LONDON (AFP) — A duck-billed dinosaur which was a favourite prey of the Tyrannosaurus Rex grew "like crazy" from egg to adult-size to avoid being eaten by the king of the dino world, a study revealed Wednesday.
The Hypacrosaurus grew three to five times faster than any of its predators including the T-Rex -- and also had babies at a much younger age, expanding its numbers to give it an evolutionary edge.
"By the time the duck-billed dinosaur was fully grown, the tyrannosaurs were only half grown -- it was a huge size difference," said US researcher Drew Lee in an online journal, calling it the "gazelle of the Late Cretaceous."

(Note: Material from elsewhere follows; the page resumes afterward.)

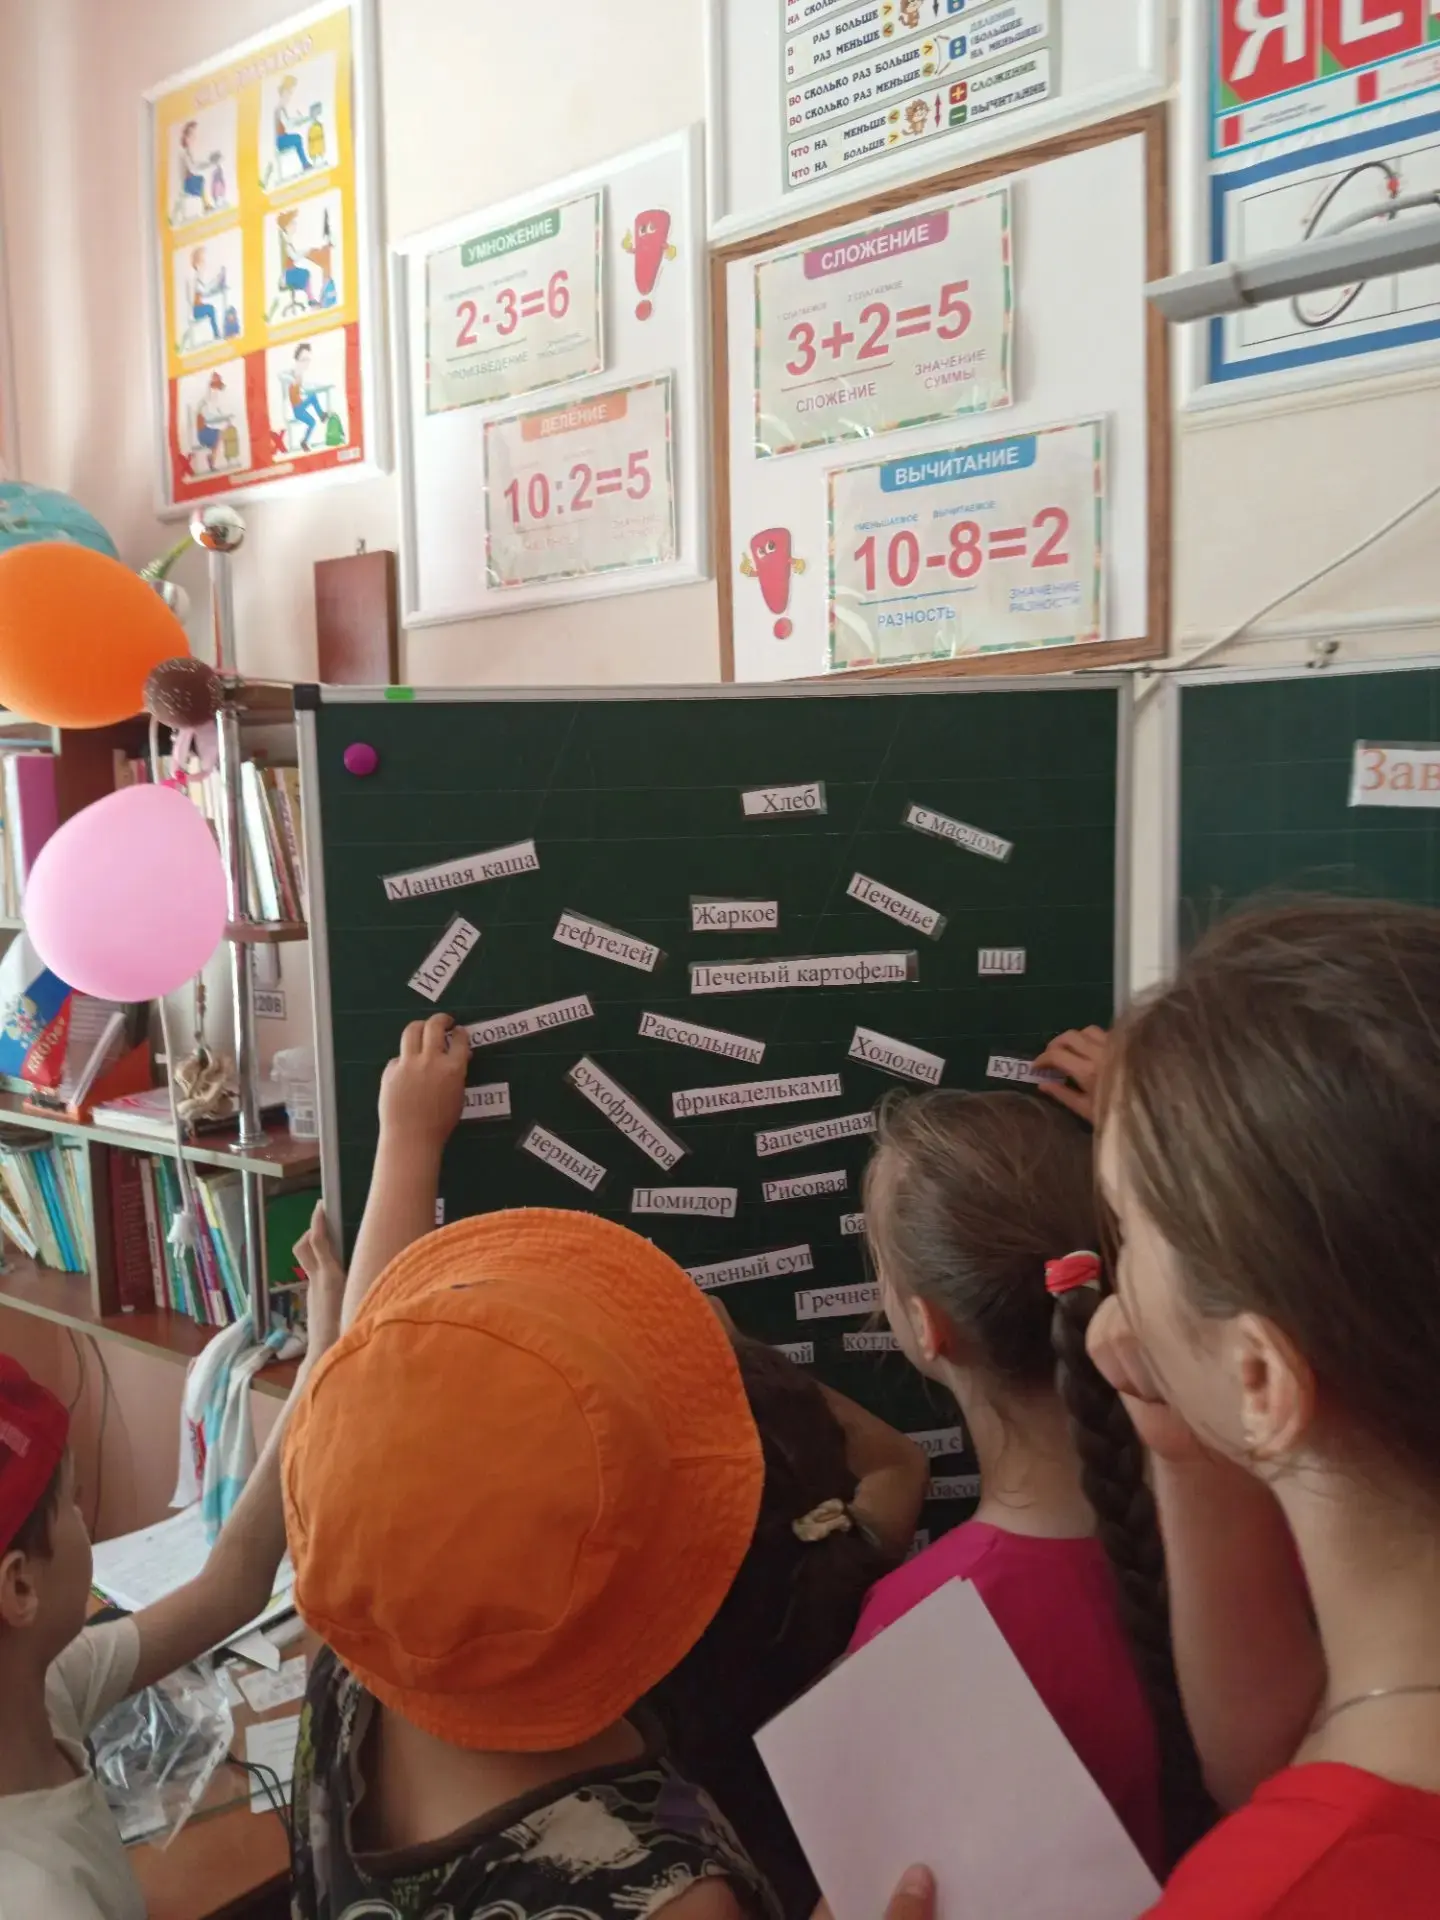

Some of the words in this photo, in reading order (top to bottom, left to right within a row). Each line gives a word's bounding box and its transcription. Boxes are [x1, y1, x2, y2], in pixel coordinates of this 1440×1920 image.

When full-sized the plant-eating dinosaur, which lived between 67 million and 80 million years ago, was as big as the T-Rex at 30 feet (9.14 metres) tall, but lacked horns or armour to defend itself.
So it gave itself an better evolutionary chance by growing fantastically quickly -- from infancy to adulthood in 10-12 years, compared to up 20-30 years for the T-Rex.
"We were shocked at how fast they grew," said Lisa Cooper, a doctoral student at Kent State University in Ohio, citing evidence from thin sections of its leg bones, which have rings like trees showing the age in terms of years.
"If you look at a cross section of the bone of a nestling or even from within the egg, there are huge spaces in which blood supply was going through the bone, which means they were growing like crazy," she added.
The Hypacrosaurus also reproduced earlier, reaching sexual maturity at only two or three years of age.
"That's another added bonus when facing predators -- if you can keep reproducing, you're set, it's the stuff of evolution," said Cooper.
The research was published in the online journal Proceedings of the Royal Society of London B: Biological Sciences.